+++ The data

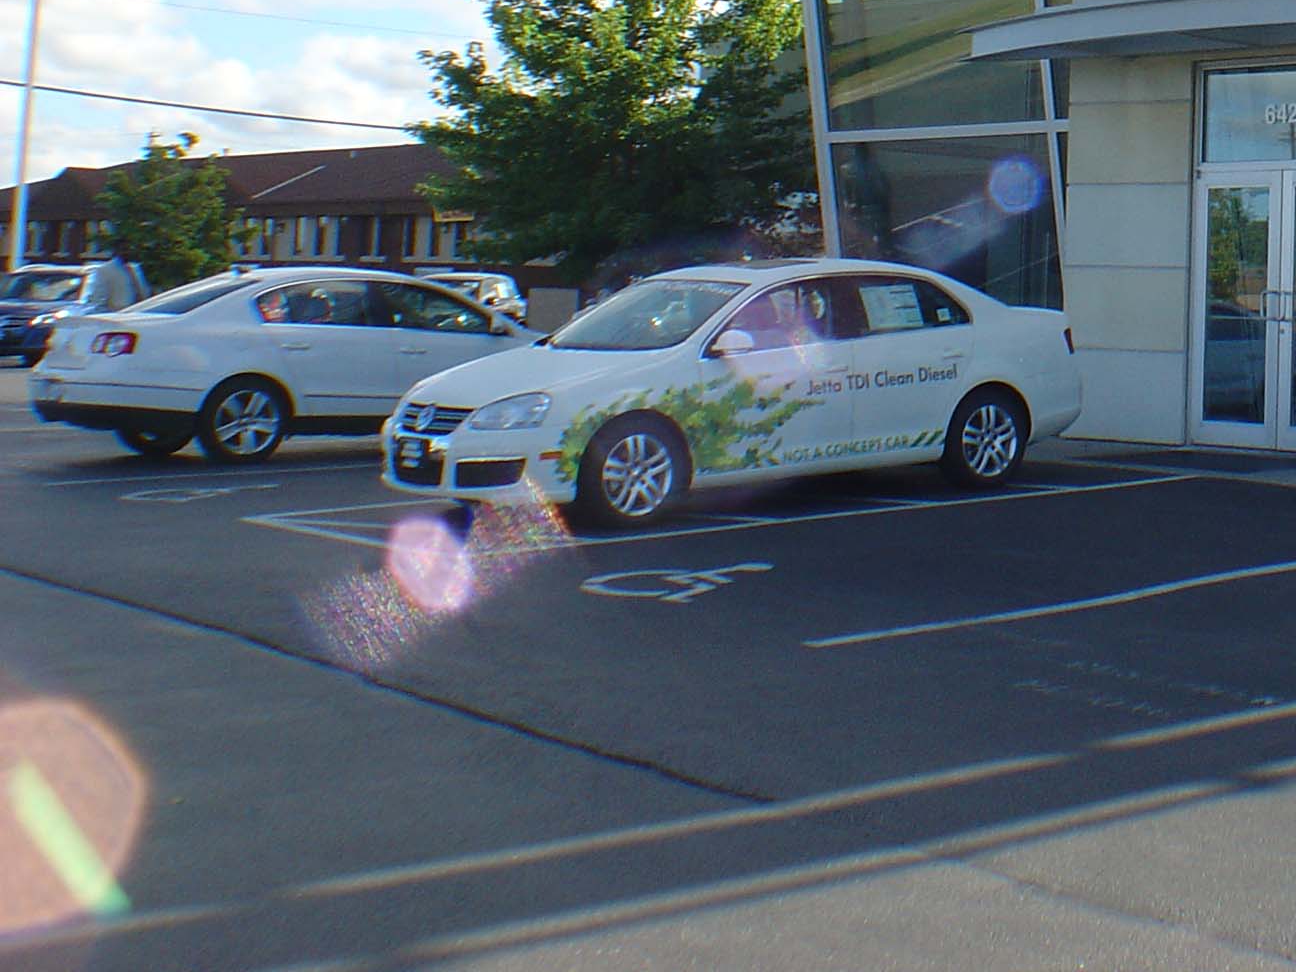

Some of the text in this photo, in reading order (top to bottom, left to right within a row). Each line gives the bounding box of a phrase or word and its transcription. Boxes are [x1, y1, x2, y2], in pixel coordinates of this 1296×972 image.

[807, 363, 957, 395] Jetta TDI Clean Diesel
[784, 435, 909, 461] NOT A CONCEPT CAR
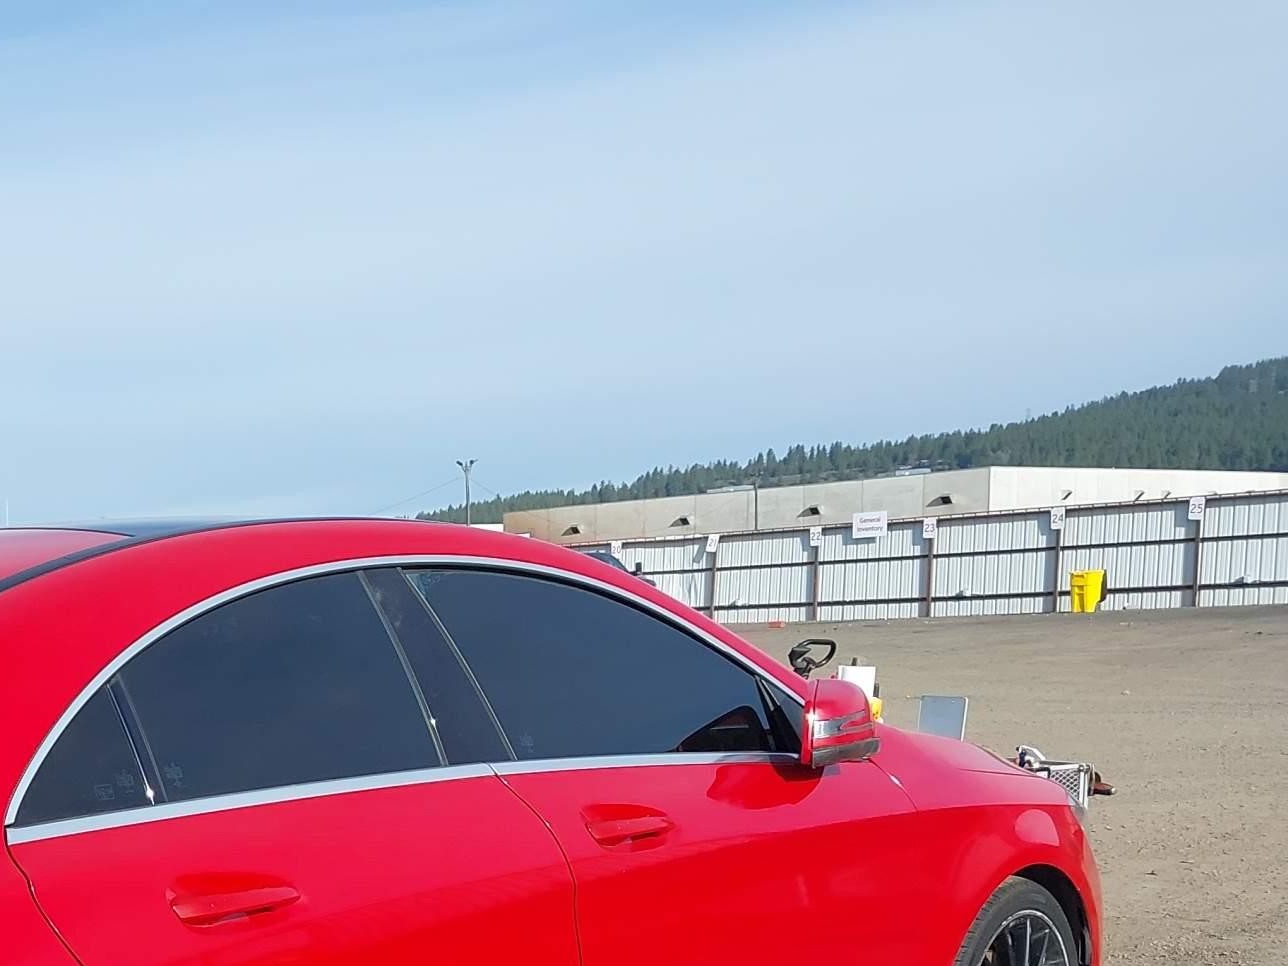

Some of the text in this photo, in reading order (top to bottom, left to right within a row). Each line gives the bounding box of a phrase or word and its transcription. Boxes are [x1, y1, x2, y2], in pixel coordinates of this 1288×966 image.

[1190, 504, 1203, 514] 25
[1052, 513, 1064, 524] 24
[924, 523, 936, 533] 23
[810, 531, 821, 541] 22
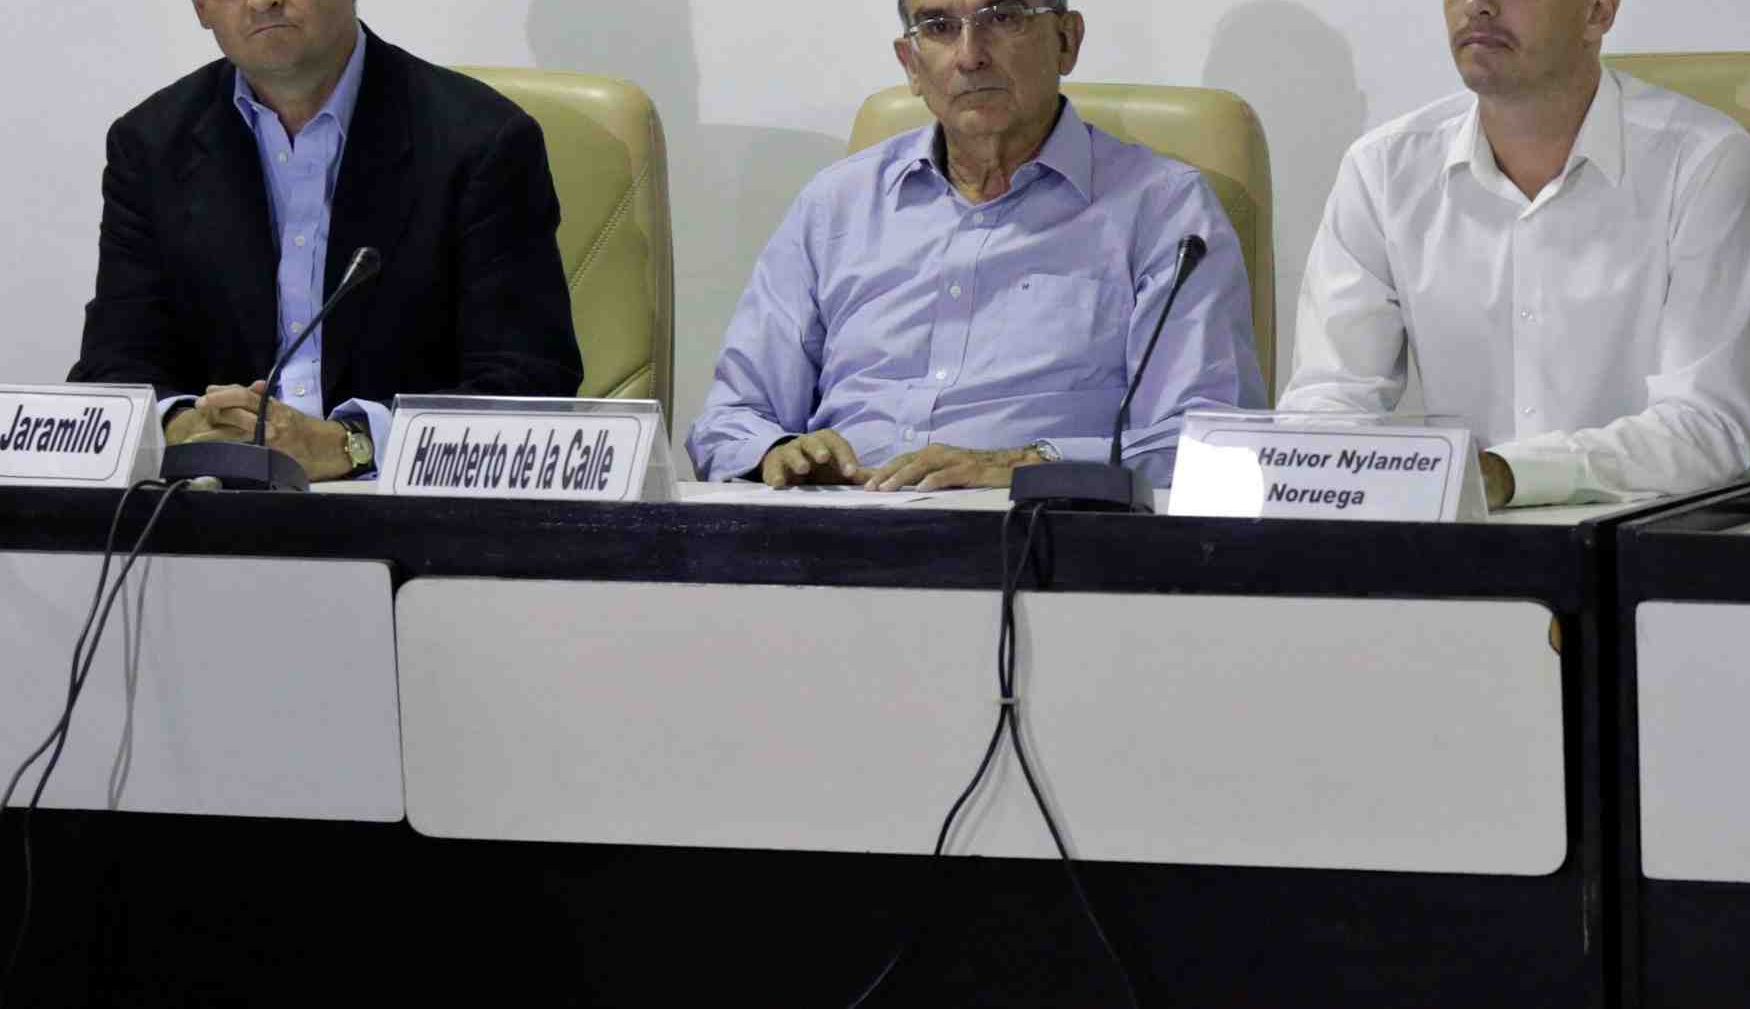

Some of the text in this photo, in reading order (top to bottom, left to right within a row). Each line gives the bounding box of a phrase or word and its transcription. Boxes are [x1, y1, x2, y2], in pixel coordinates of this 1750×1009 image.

[0, 404, 112, 455] Jaramillo
[407, 426, 615, 492] Humberto de la Calle
[1258, 446, 1442, 475] Halvor Nylander
[1267, 482, 1366, 510] Noruega
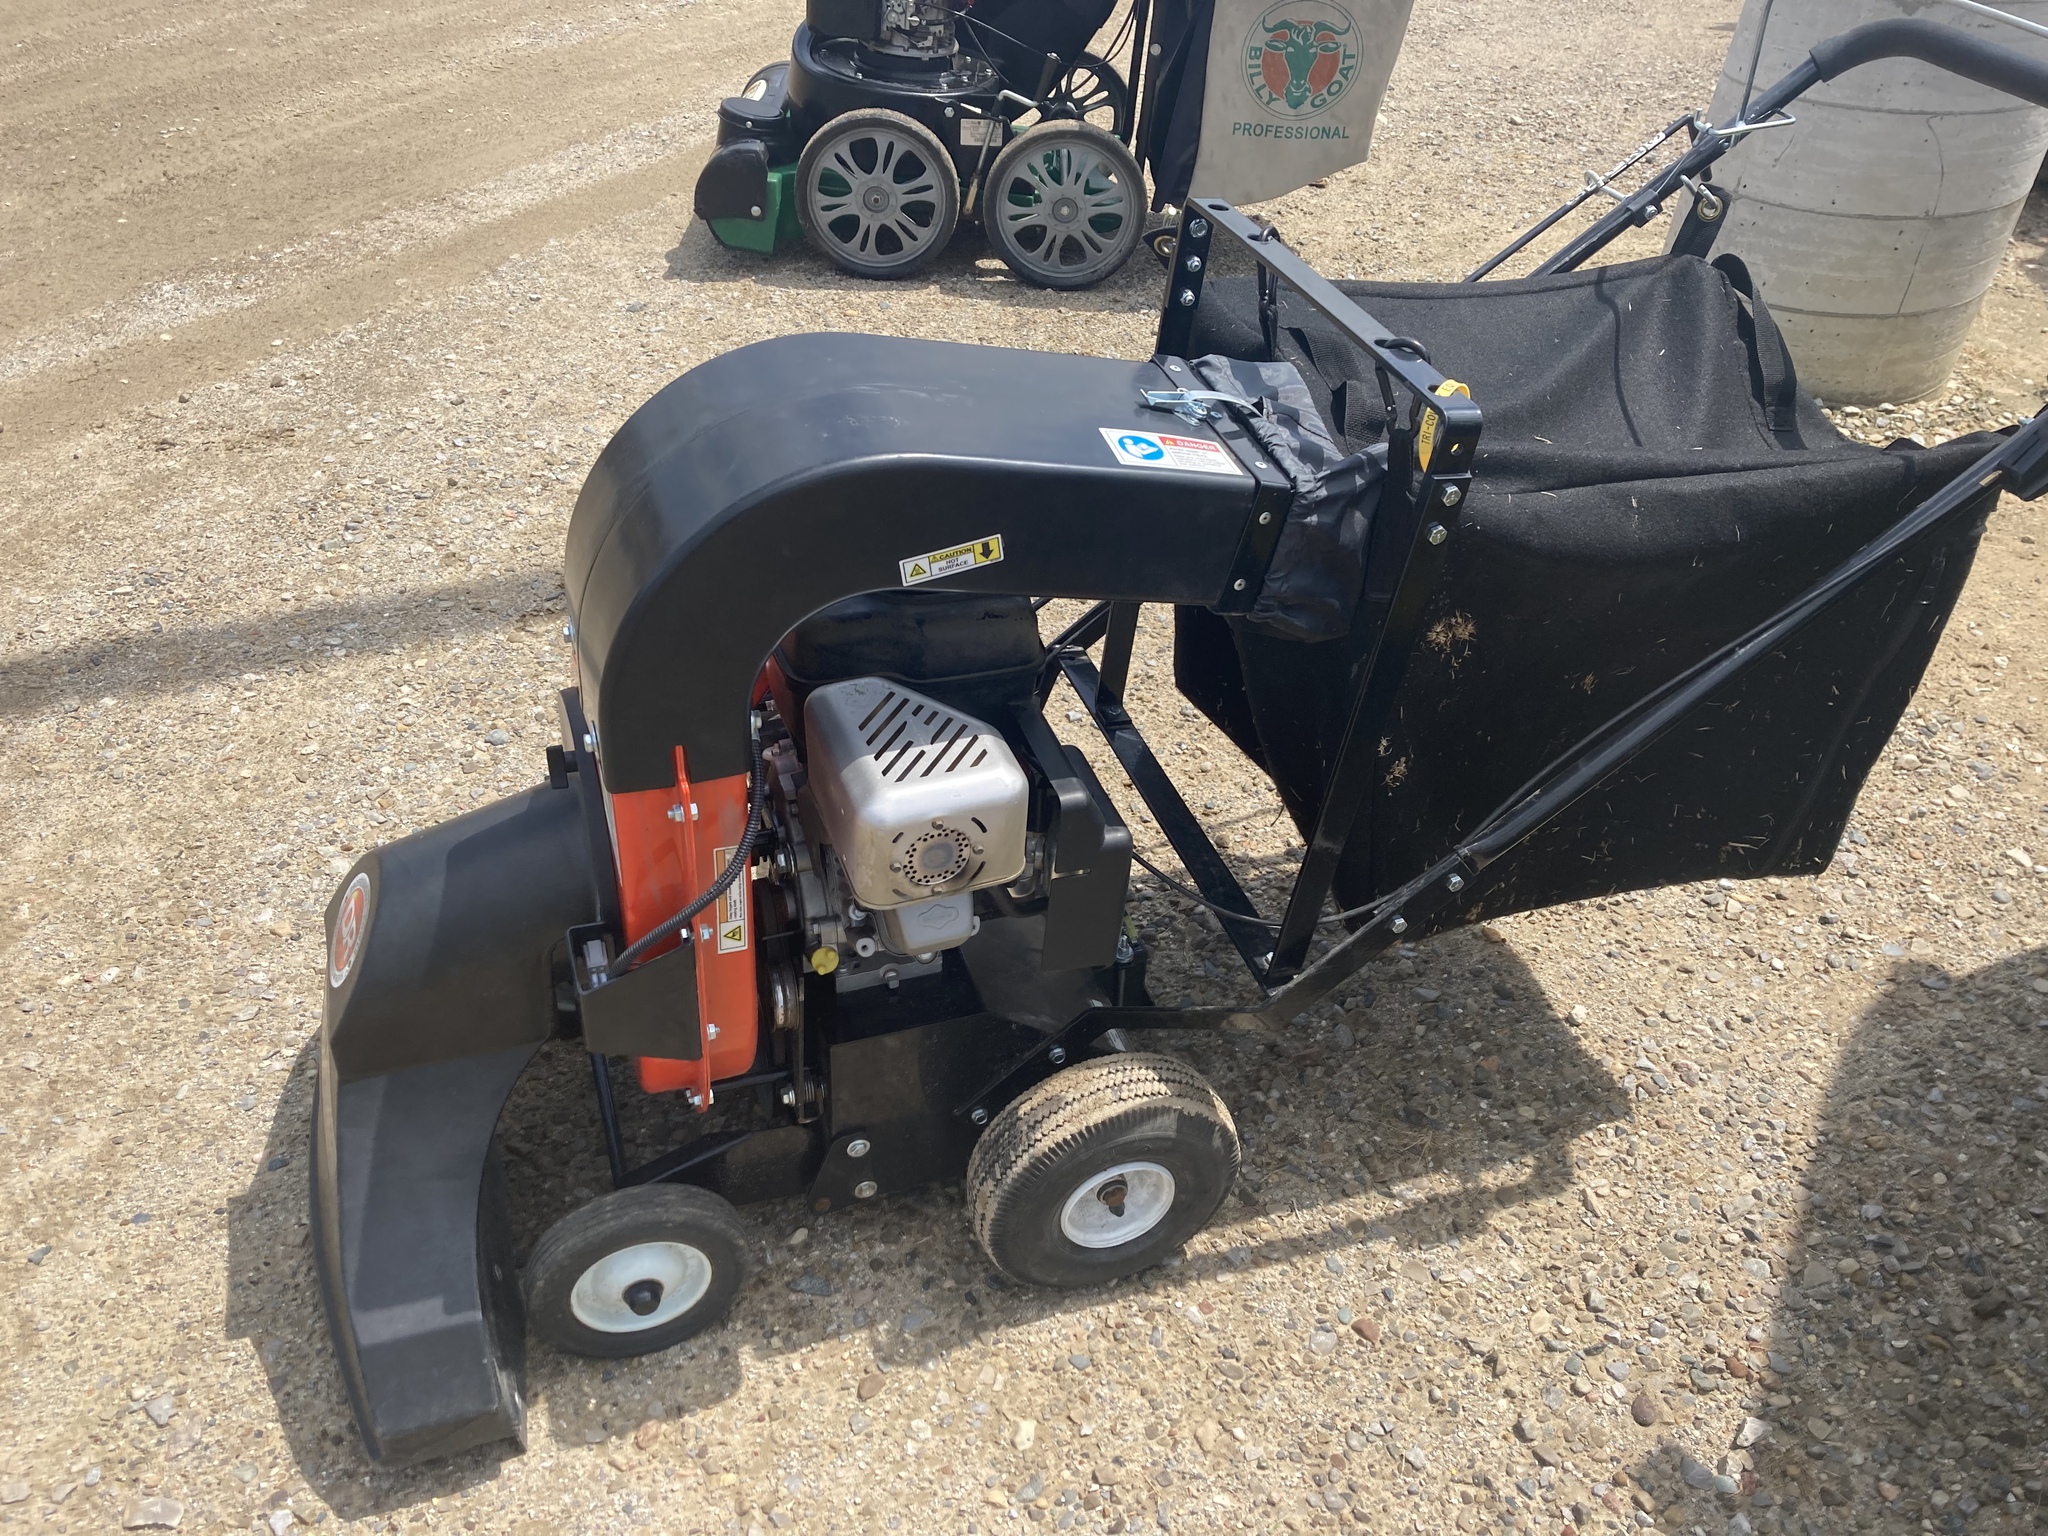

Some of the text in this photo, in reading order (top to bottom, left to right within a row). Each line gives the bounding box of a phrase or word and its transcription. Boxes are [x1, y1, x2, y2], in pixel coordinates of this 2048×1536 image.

++++++

> _Directions_:
Keep the pictures out of your copy. Copy only the lines from the line that holds "this 1750×1009 image." through the last line of the listing above, both included.

> _Written answer_:
Some of the text in this photo, in reading order (top to bottom, left to right within a row). Each line gives the bounding box of a phrase or word and its transcription. Boxes are [x1, y1, x2, y2], in pixel coordinates of this 1750×1009 image.

[0, 404, 112, 455] Jaramillo
[407, 426, 615, 492] Humberto de la Calle
[1258, 446, 1442, 475] Halvor Nylander
[1267, 482, 1366, 510] Noruega

Some of the text in this photo, in reading order (top to bottom, left to right within a row). Each line gives the bounding box of a phrase or word and its transcription. Boxes are [x1, y1, x2, y2], in pixel coordinates of this 2048×1536 image.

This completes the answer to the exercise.